• [Your assignment]:
Retype exactly the span of lines below from the one with "this 1440×961 image." through the one with "Some of the words". Do not include pictures.

• [Task input]:
______________________________

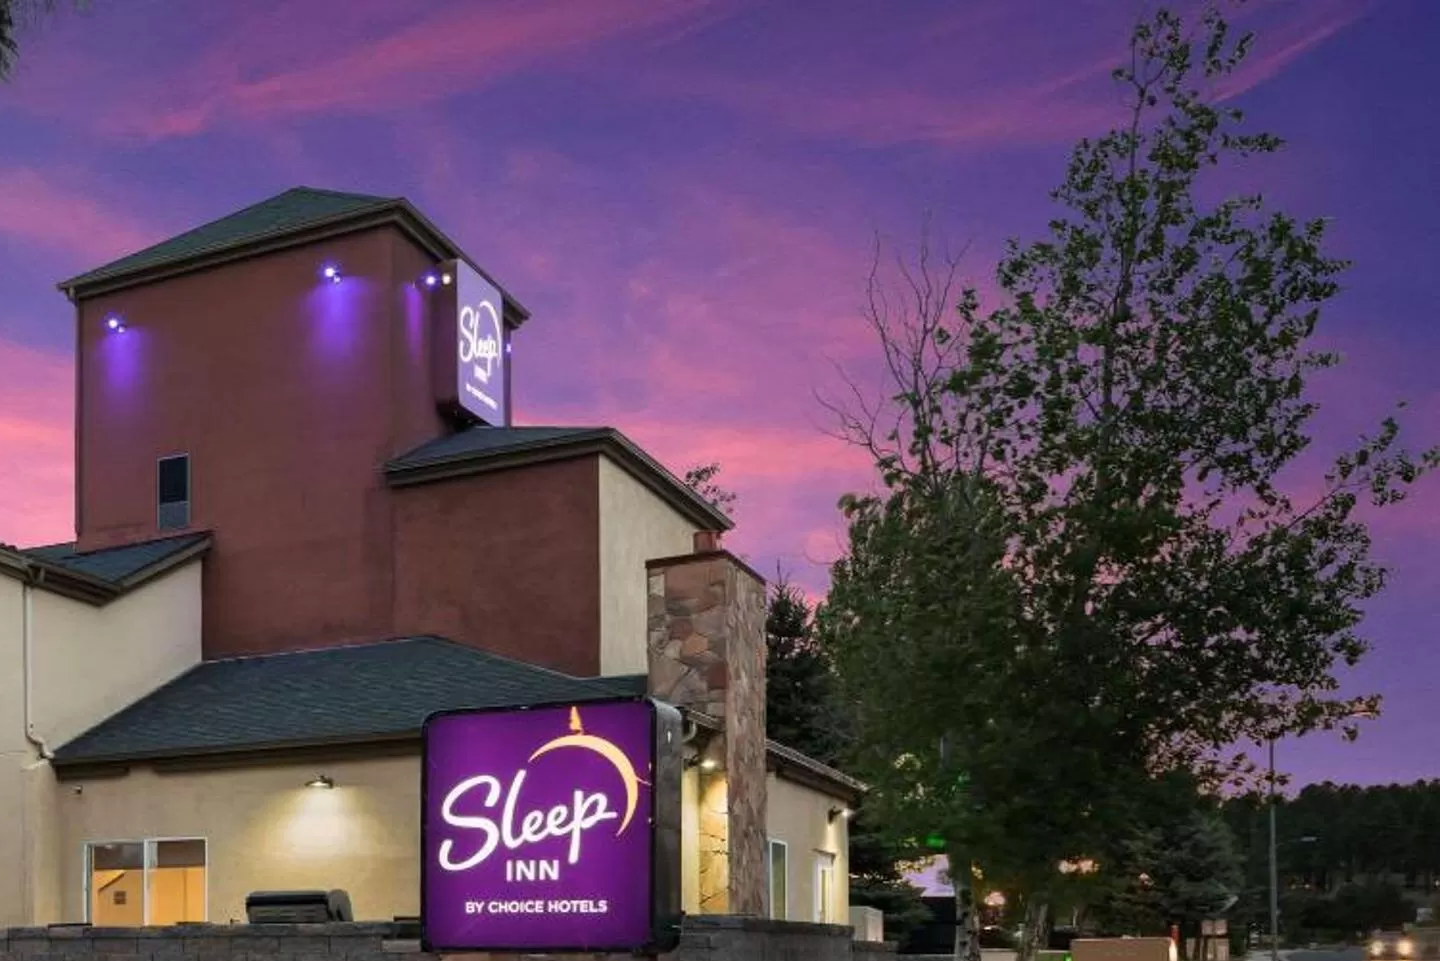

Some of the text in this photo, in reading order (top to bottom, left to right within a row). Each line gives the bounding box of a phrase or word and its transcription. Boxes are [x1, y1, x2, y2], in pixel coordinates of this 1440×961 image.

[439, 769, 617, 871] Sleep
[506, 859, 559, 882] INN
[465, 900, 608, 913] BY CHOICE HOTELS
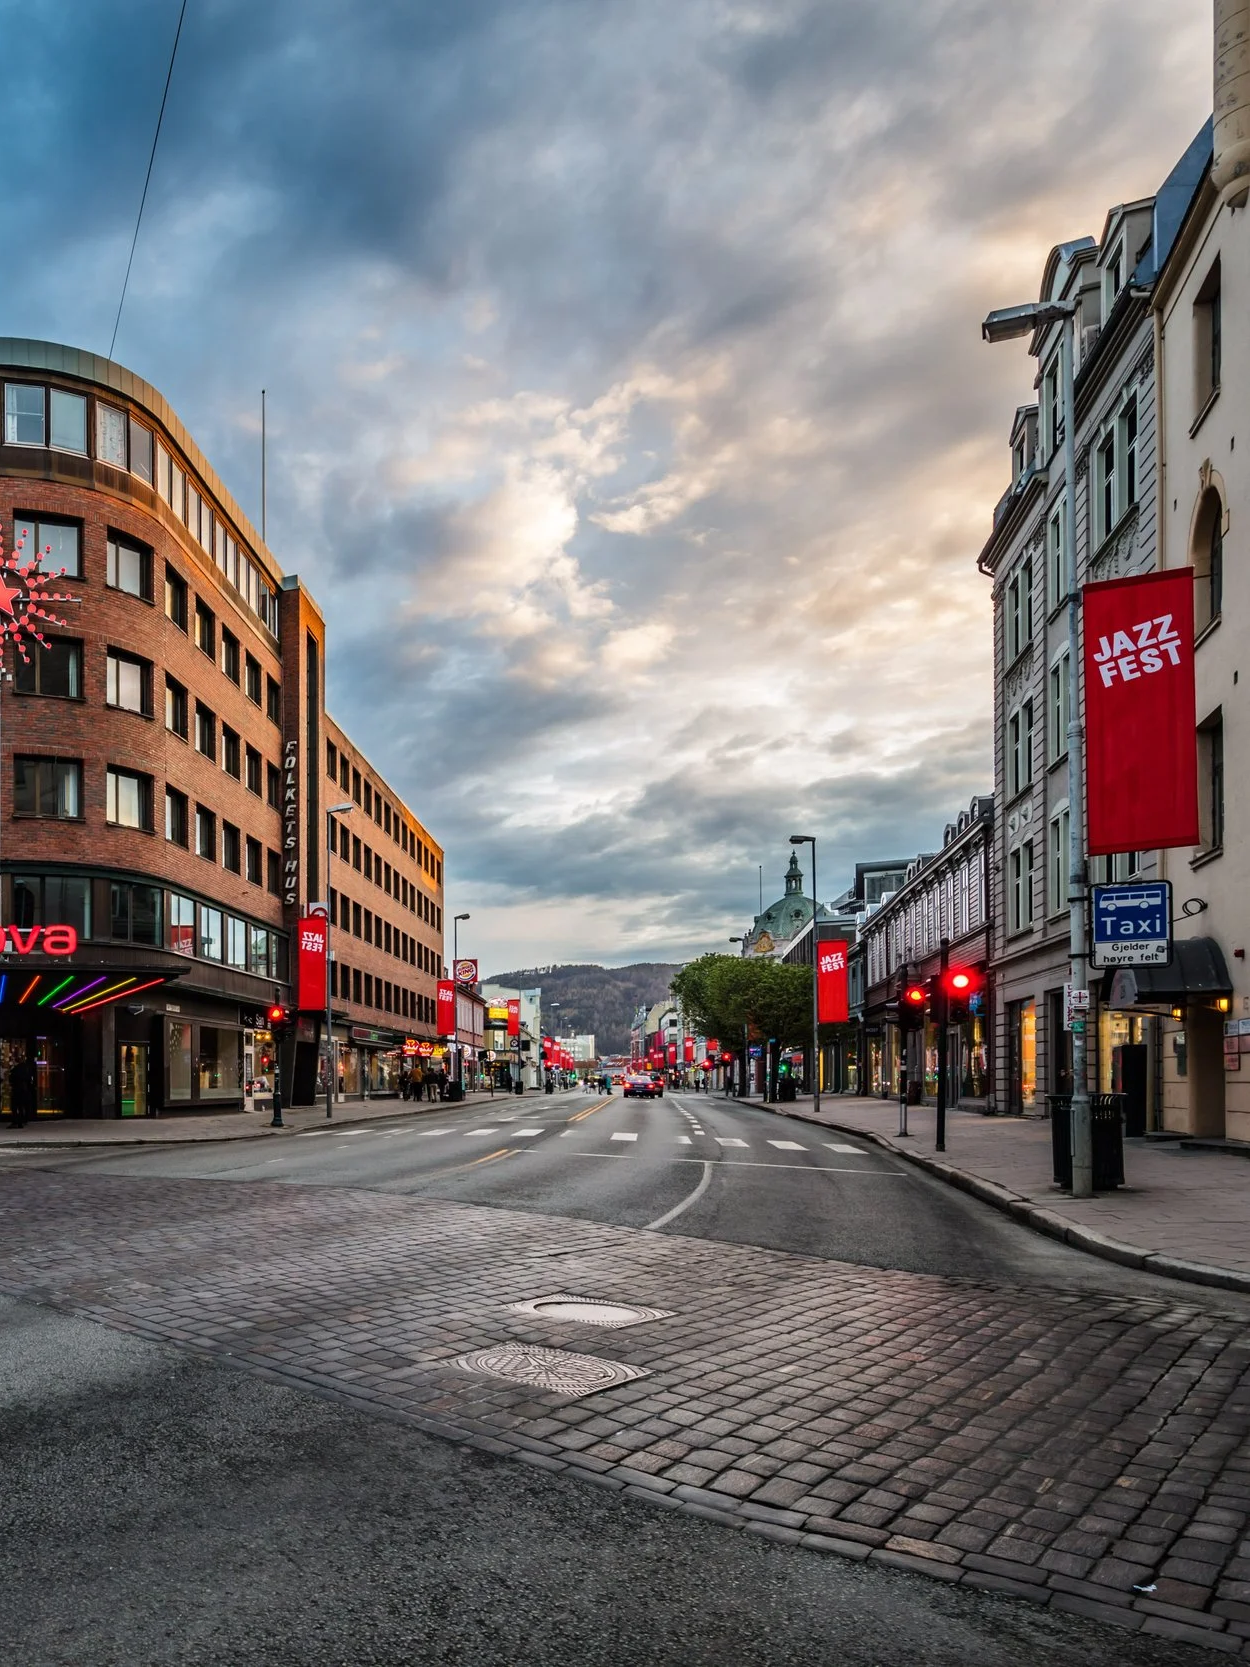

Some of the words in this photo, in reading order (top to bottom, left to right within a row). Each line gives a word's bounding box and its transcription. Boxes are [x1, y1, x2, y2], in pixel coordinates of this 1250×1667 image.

______________________________

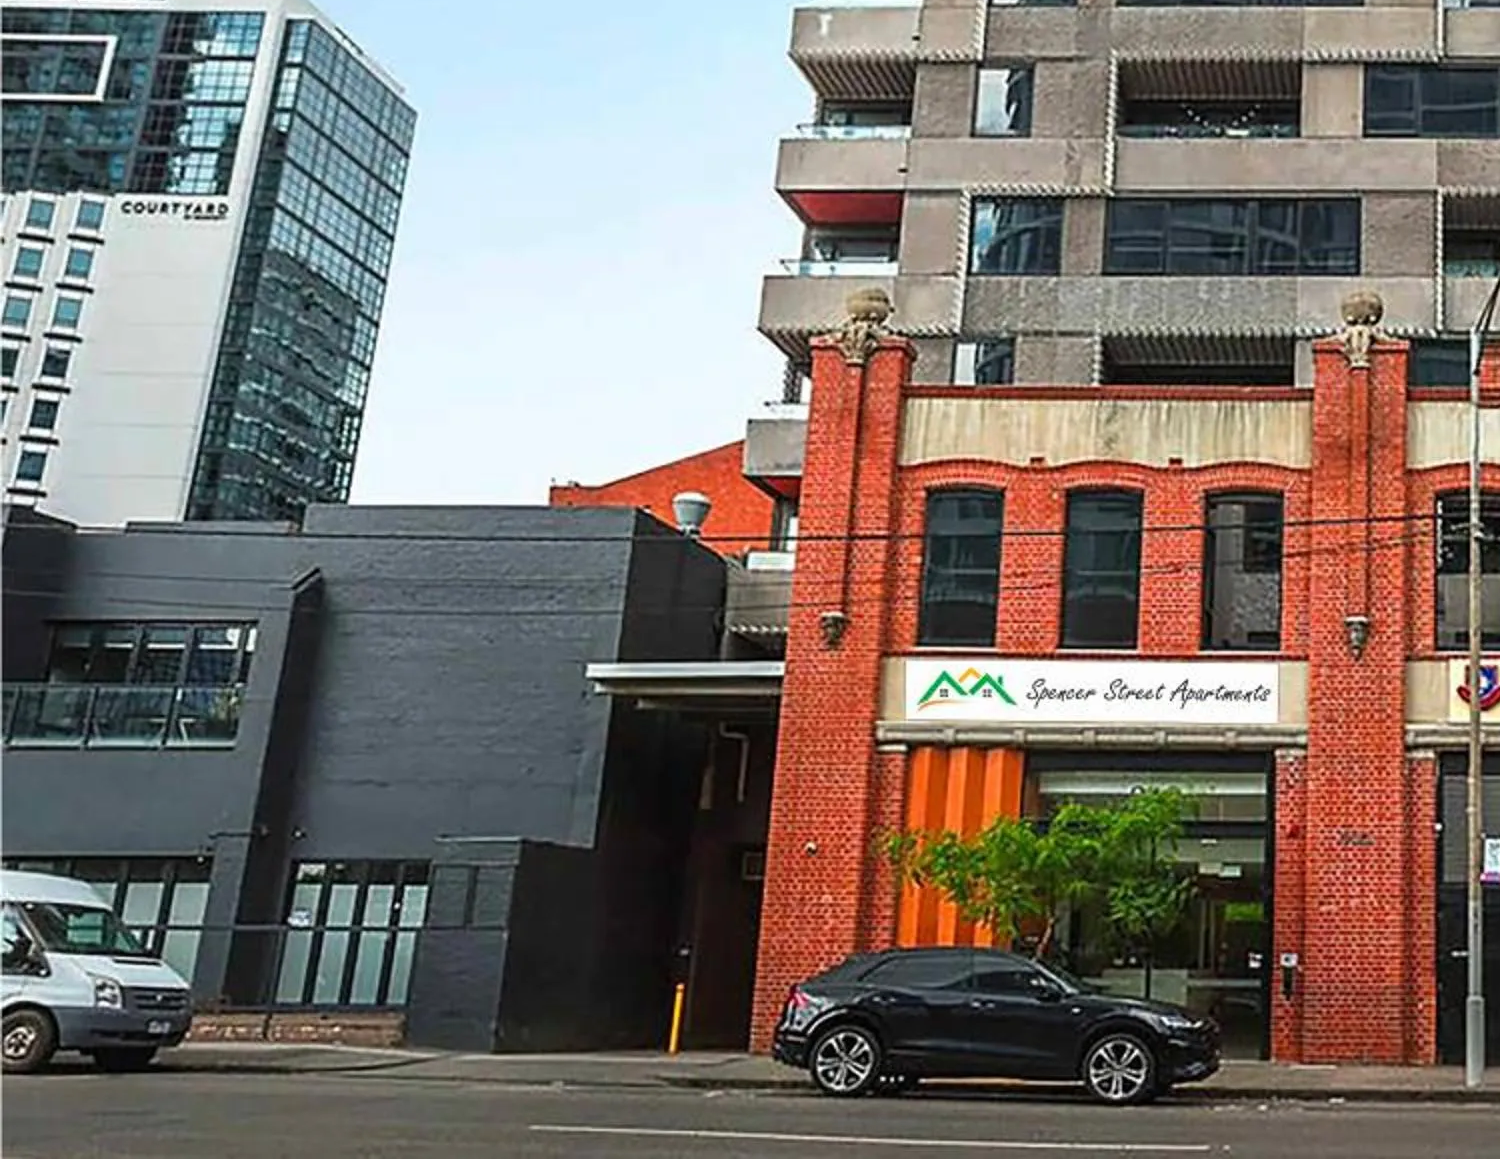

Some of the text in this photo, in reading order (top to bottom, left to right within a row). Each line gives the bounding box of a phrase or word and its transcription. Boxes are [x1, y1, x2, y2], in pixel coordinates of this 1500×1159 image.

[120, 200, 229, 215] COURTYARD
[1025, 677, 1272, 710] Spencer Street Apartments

______________________________

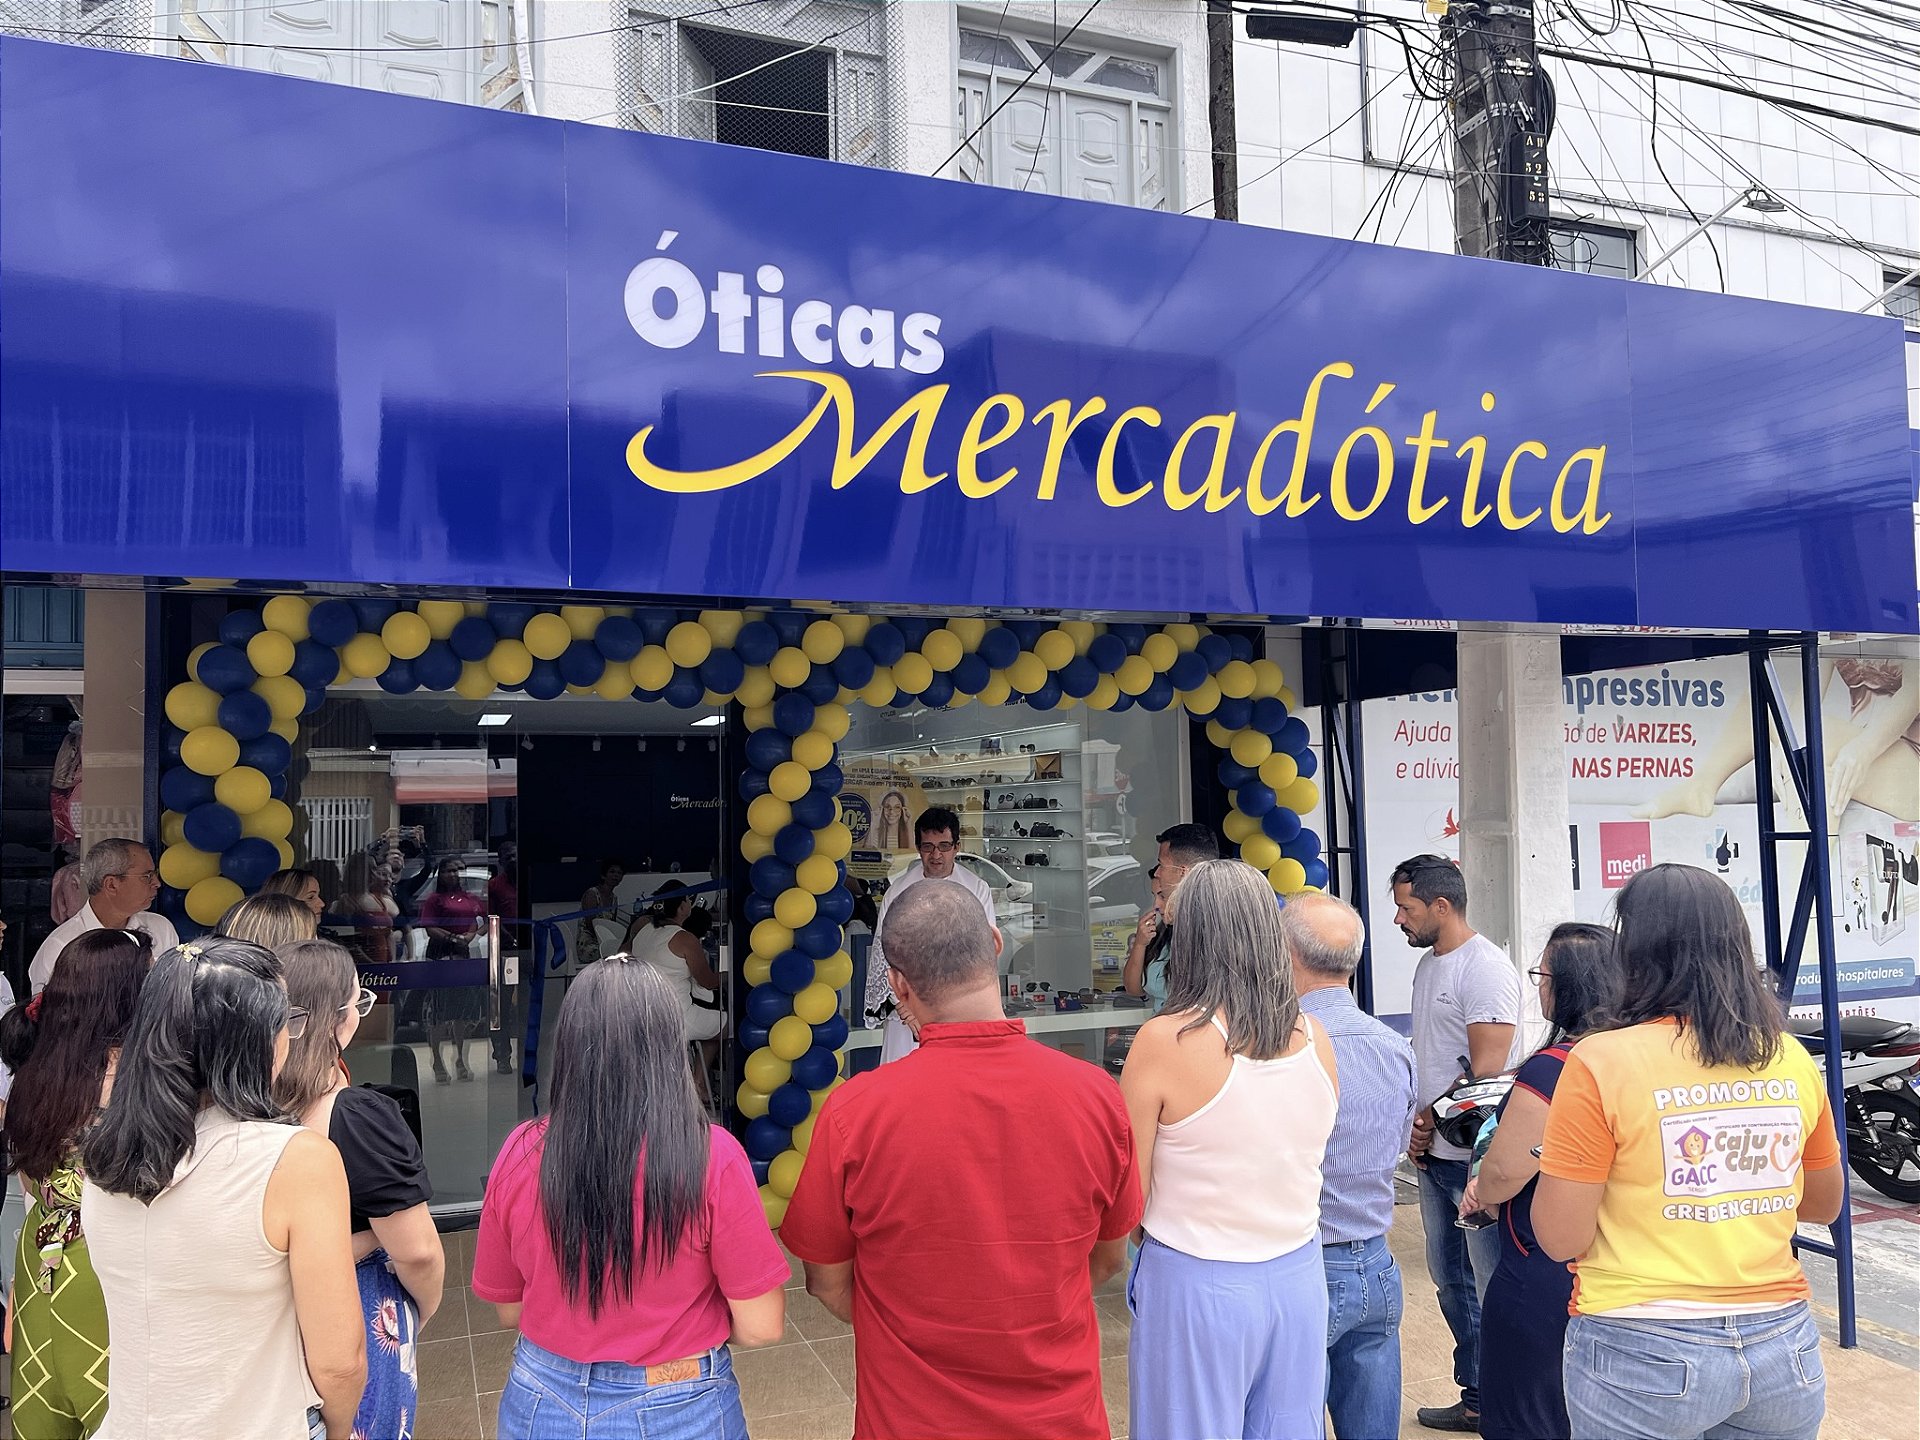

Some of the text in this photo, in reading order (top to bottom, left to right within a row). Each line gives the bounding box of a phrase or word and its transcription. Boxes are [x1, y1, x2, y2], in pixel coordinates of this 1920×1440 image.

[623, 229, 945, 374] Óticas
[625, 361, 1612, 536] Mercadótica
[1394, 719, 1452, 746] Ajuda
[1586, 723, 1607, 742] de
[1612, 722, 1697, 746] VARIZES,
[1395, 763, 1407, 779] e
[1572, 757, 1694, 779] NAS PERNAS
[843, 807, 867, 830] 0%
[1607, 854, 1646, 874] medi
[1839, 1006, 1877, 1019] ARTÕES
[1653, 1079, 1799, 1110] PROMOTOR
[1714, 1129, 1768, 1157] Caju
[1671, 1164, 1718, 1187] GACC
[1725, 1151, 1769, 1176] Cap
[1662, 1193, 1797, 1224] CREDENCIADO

______________________________

• [Expected output]:
Some of the text in this photo, in reading order (top to bottom, left to right within a row). Each line gives the bounding box of a phrase or word and its transcription. Boxes are [x1, y1, x2, y2], in pixel coordinates of this 1440×961 image.

[439, 769, 617, 871] Sleep
[506, 859, 559, 882] INN
[465, 900, 608, 913] BY CHOICE HOTELS

Some of the words in this photo, in reading order (top to bottom, left to right within a row). Each line gives a word's bounding box and its transcription. Boxes are [x1, y1, x2, y2], in pixel coordinates of this 1250×1667 image.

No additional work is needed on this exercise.